That’s Patentable? The Far-Reaching Definition of an “Invention”

Friday, November 20, 2015

U.S. patent law provides that “Whoever invents or discovers any new and useful process, machine, manufacture, or composition of matter, or any new and useful improvement thereof, may obtain a patent therefor,” 35 U.S. Code §101. This leaves open a broad range for potential patent protection. The categories of a “machine, manufacture, or composition of matter” provide for many traditional concepts of an invention, such as devices, chemicals or other physical objects. Focusing on these physical items as being invention ignores the “process” category. The process (or method) type of patent has been used to cover a broad range of technologies – from manufacturing techniques to medical procedures. It is this category’s open-endedness which has presented a number of extraordinary patent opportunities as well as a fair share of headaches.

Concerns that method patents may be used to cover broader concepts than is appropriate has caused many to struggle to determine what types of technologies should be allowed to receive patents. The myriad court decisions and United States Patent and Trademark Office rules in the past few decades alone have created a complicated thicket of patent eligibility rules. Despite these issues some interesting ideas and non-traditional concepts have been granted patents. While some might argue that such patents are not appropriate, the Patent Office’s willingness to grant such patents introduces some leeway into determining what might be patentable and that might otherwise be overlooked.

In some cases, patents have been issued for processes used to play card games. One patent that has reached a particular level of notoriety (or infamy) is US 5,662,332. This patent covers a method of playing trading card games where each player constructs a deck of cards. The claims include coverage for “designating the [card] being brought into play by rotating the [card] from an original orientation to a second orientation.” Further claims cover a rotating, or ‘tapping,’ to make players are aware the trading card is in use.
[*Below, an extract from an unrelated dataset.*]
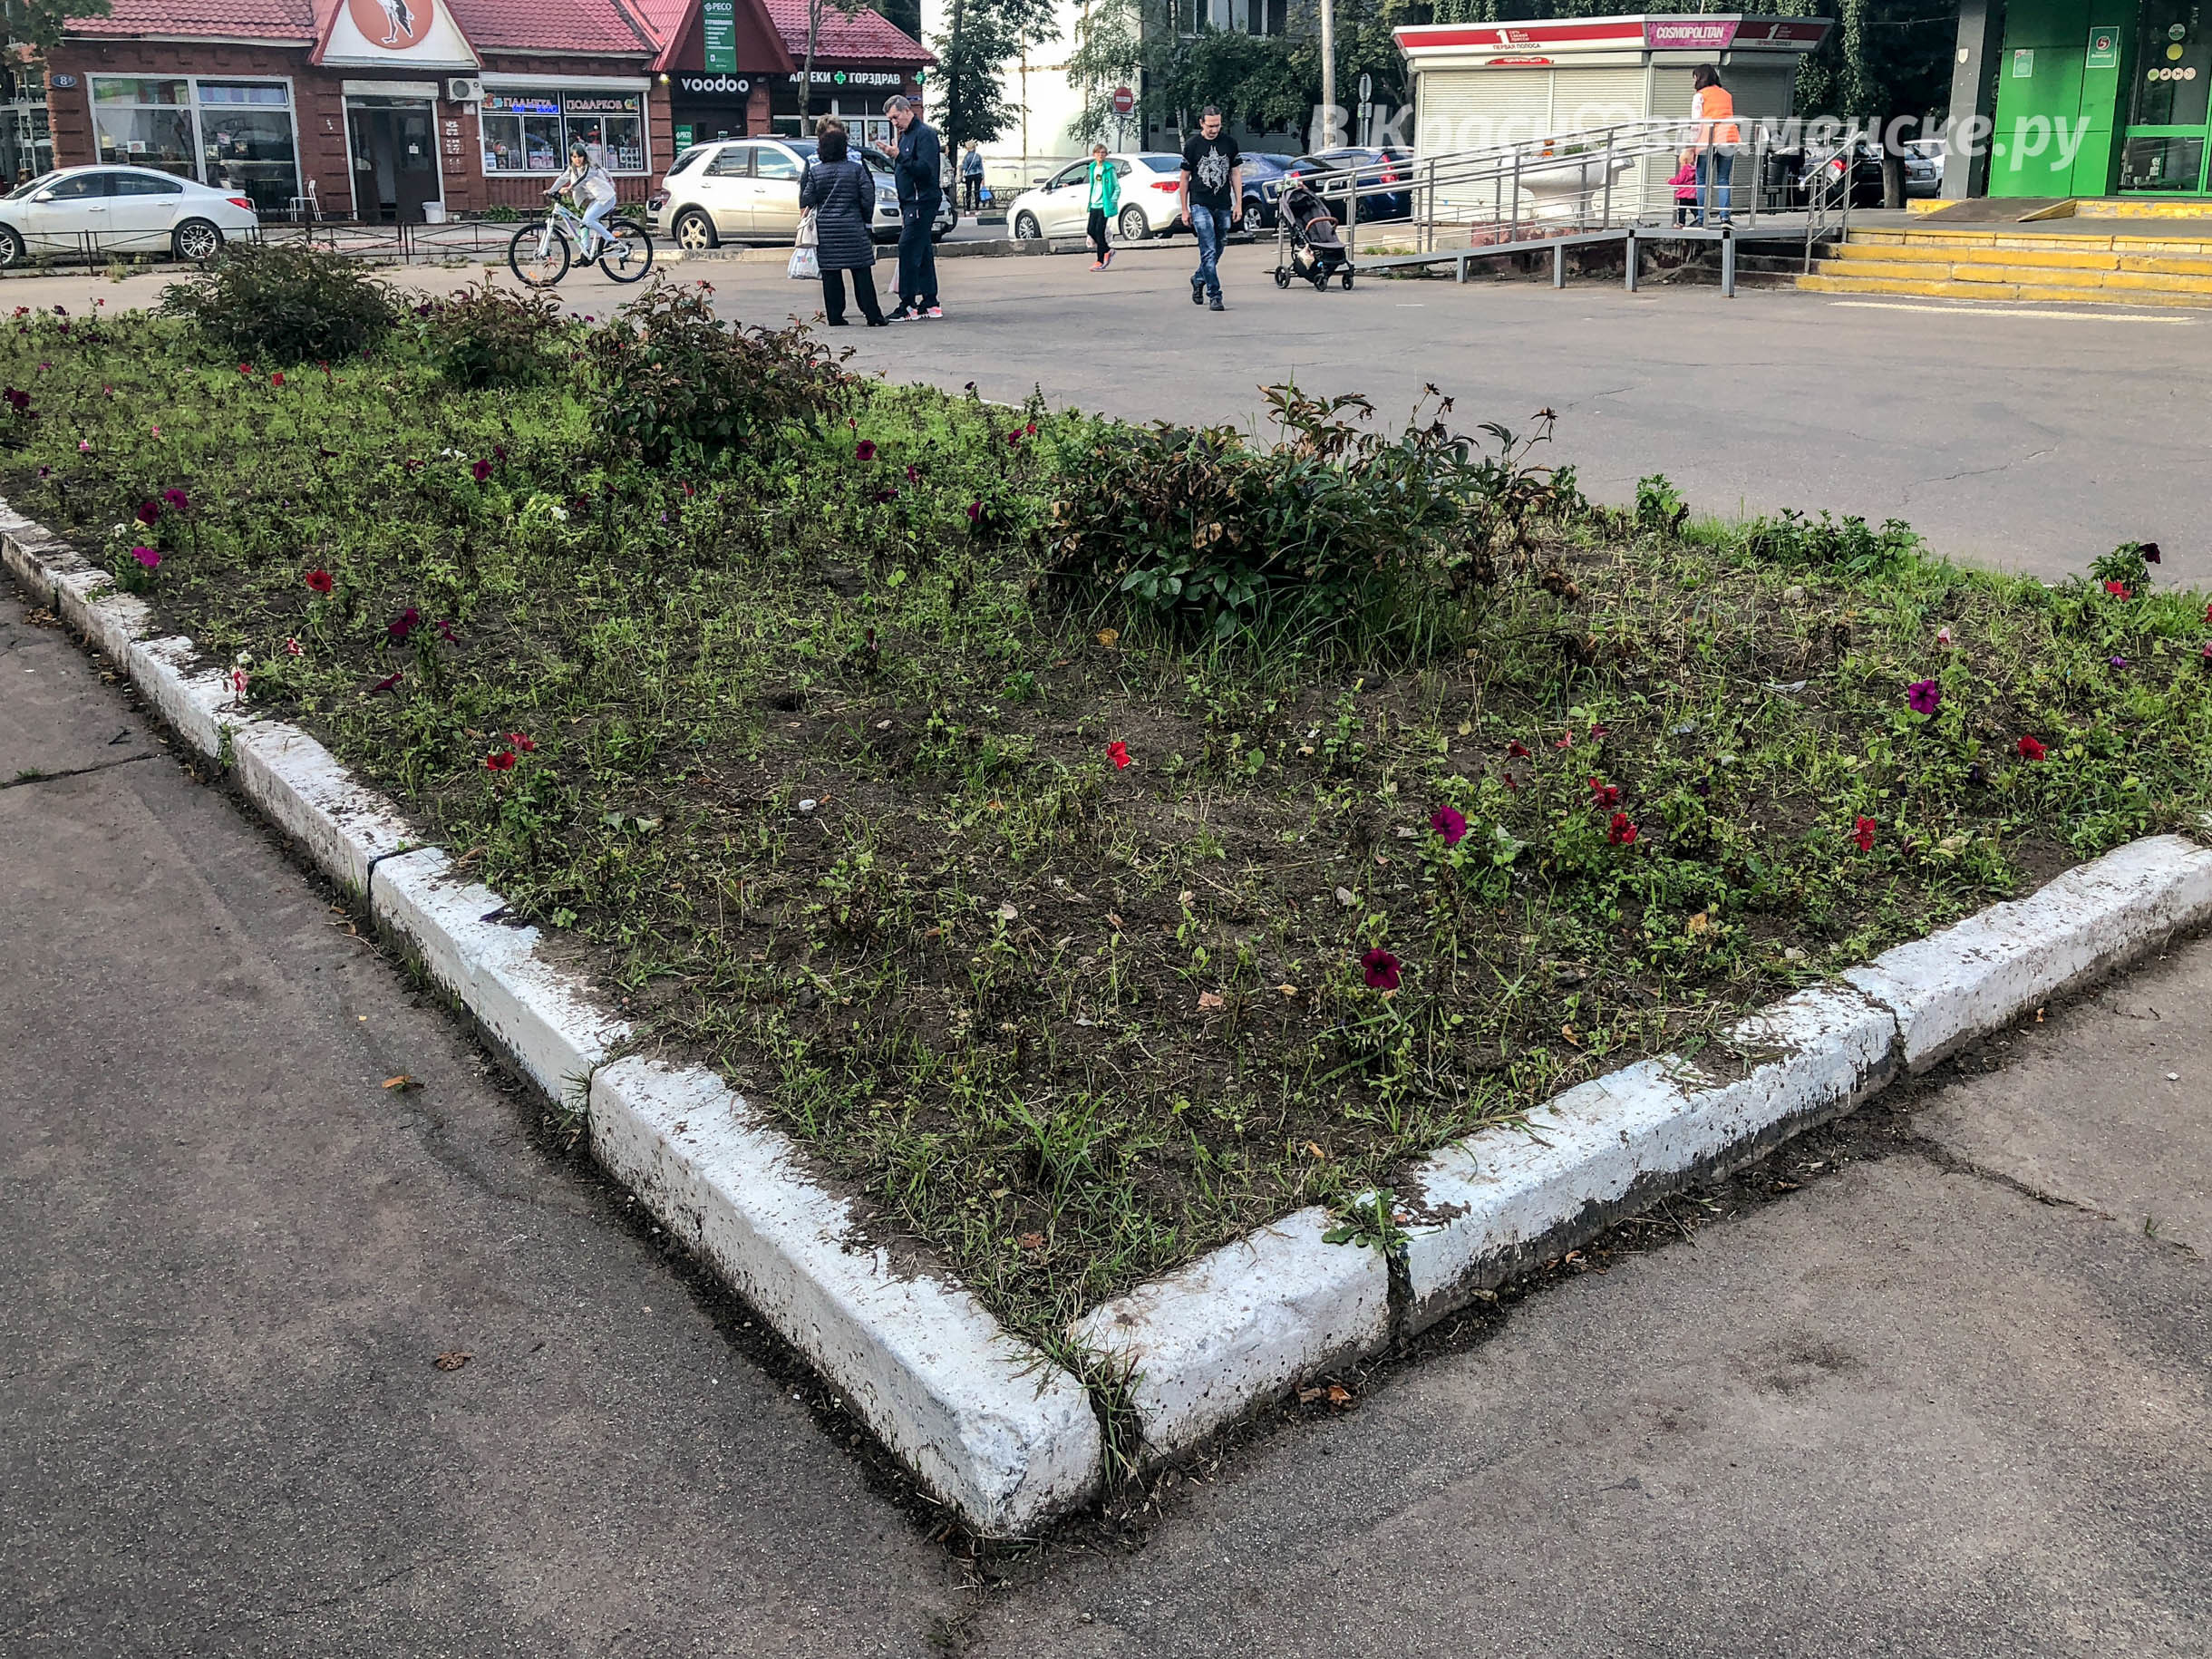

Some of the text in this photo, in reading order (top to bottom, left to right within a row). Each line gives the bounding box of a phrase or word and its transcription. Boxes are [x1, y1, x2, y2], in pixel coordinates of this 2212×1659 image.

[1656, 26, 1724, 39] COSMOPOLITAN
[682, 74, 750, 92] voodoo
[790, 72, 900, 86] АПЕКИ ГОРЗДРАВ
[567, 99, 623, 110] ПОДАРКОВ
Patent protection has also been awarded to methods involved in the presentation used in computer games. Patent US 6,935,954 was awarded for a sanity system used in a video game where the “character may experience hallucinations as a result of the sanity level.” During game play, the sanity level of the game character is modified based on a character reaction and an amount of character preparation. As the game continues, game play is impacted by varying game effects according to the game character sanity level.

In another patent, US 8,082,499, the graphical interface for an interactive dialog is presented. A dialog choice indicator is shown which has a number of directional choices. Dialog responses corresponding to a particular emotion are then provided in a consistent location/direction.
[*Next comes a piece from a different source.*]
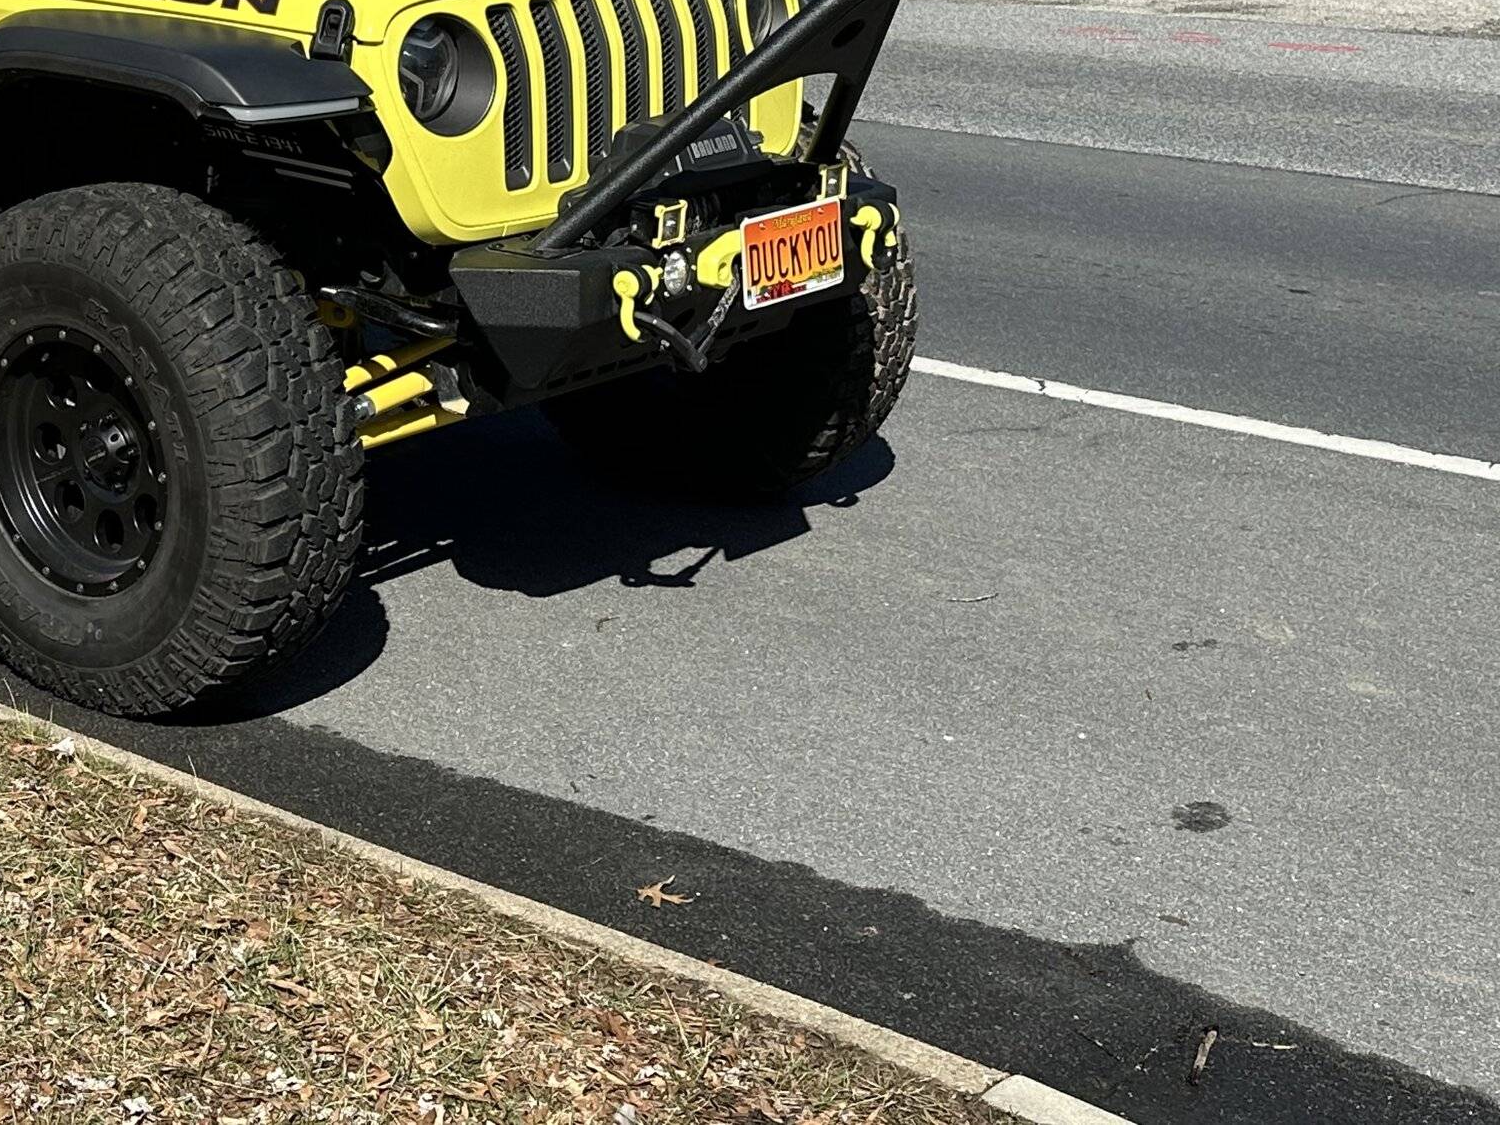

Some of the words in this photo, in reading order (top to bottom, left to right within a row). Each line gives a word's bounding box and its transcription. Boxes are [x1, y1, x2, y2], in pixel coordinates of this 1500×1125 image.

[690, 133, 737, 158] BADLAND
[748, 220, 840, 287] DUCKYOU
[84, 297, 190, 463] KANATI
In 2014, the U.S. Supreme Court decided CLS Bank International v. Alice Corp which invalidated claims that were determined to be drawn to an abstract idea. In response to this case, the USPTO has adjusted their stance regarding patentable subject matter and has rejected many applications held to be too “abstract”. However, this has not prevented the Patent Office from still issuing patents directed to some intriguing methods.

Patent US 8,920,245 is directed to a video game award method. According to the claimed method, the player is awarded a digital gaming object while playing a first game and is then able to use the digital gaming object within a different game.

A language-based video game method is protected by US 8,825,492. In this method, the game display shows an animated portion of a human head related to speech to show a pronunciation of selected text. The text is then transformed into a non-textual form which can be used by the avatar to overcome at least one challenge, for example, a letter of the alphabet may be transformed into a rope which can be used to overcome a rock climbing challenge.

In another post-Alice patent, protection extends beyond graphic displays. US 8,721,415 covers a computer-based solitaire game with stack-based pay table. The player is provided a payout which is calculated based on a per-card payout award and the actual number of cards transferred during the game.

These examples demonstrate that patentable inventions can be made in non-traditional fields. Simply because an invention is not incorporated in a physical object, such as a motor or a chemical composition, or relates to an industrial process, doesn’t mean that patent protection is unavailable. While care must be taken to ensure the claims comply with patentable subject matter restrictions, great opportunities still exist for patenting concepts which might otherwise be overlooked.